Extracted data entries
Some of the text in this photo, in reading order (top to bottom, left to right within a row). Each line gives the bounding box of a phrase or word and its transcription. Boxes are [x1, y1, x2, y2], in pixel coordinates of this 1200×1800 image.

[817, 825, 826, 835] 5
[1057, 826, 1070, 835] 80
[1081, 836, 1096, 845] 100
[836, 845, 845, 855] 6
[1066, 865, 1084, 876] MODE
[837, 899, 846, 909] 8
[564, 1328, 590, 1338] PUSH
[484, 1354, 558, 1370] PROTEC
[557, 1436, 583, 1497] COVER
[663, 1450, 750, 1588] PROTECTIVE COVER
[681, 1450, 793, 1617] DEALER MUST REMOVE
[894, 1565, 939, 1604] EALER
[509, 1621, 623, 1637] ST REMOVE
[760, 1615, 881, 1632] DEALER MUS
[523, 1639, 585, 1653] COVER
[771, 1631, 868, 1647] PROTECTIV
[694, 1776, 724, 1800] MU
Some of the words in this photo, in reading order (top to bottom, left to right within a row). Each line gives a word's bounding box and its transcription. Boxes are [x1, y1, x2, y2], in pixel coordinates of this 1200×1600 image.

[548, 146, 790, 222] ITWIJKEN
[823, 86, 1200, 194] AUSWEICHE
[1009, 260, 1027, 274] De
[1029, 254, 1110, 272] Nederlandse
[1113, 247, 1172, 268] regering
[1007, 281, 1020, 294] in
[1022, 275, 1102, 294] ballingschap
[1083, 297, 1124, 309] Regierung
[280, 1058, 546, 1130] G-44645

## Work to complete
Transcribe the data word for word.

## Answer section
Some of the text in this photo, in reading order (top to bottom, left to right within a row). Each line gives the bounding box of a phrase or word and its transcription. Boxes are [x1, y1, x2, y2], in pixel coordinates of this 1200×1800 image.

[817, 825, 826, 835] 5
[1057, 826, 1070, 835] 80
[1081, 836, 1096, 845] 100
[836, 845, 845, 855] 6
[1066, 865, 1084, 876] MODE
[837, 899, 846, 909] 8
[564, 1328, 590, 1338] PUSH
[484, 1354, 558, 1370] PROTEC
[557, 1436, 583, 1497] COVER
[663, 1450, 750, 1588] PROTECTIVE COVER
[681, 1450, 793, 1617] DEALER MUST REMOVE
[894, 1565, 939, 1604] EALER
[509, 1621, 623, 1637] ST REMOVE
[760, 1615, 881, 1632] DEALER MUS
[523, 1639, 585, 1653] COVER
[771, 1631, 868, 1647] PROTECTIV
[694, 1776, 724, 1800] MU
Some of the words in this photo, in reading order (top to bottom, left to right within a row). Each line gives a word's bounding box and its transcription. Boxes are [x1, y1, x2, y2], in pixel coordinates of this 1200×1600 image.

[548, 146, 790, 222] ITWIJKEN
[823, 86, 1200, 194] AUSWEICHE
[1009, 260, 1027, 274] De
[1029, 254, 1110, 272] Nederlandse
[1113, 247, 1172, 268] regering
[1007, 281, 1020, 294] in
[1022, 275, 1102, 294] ballingschap
[1083, 297, 1124, 309] Regierung
[280, 1058, 546, 1130] G-44645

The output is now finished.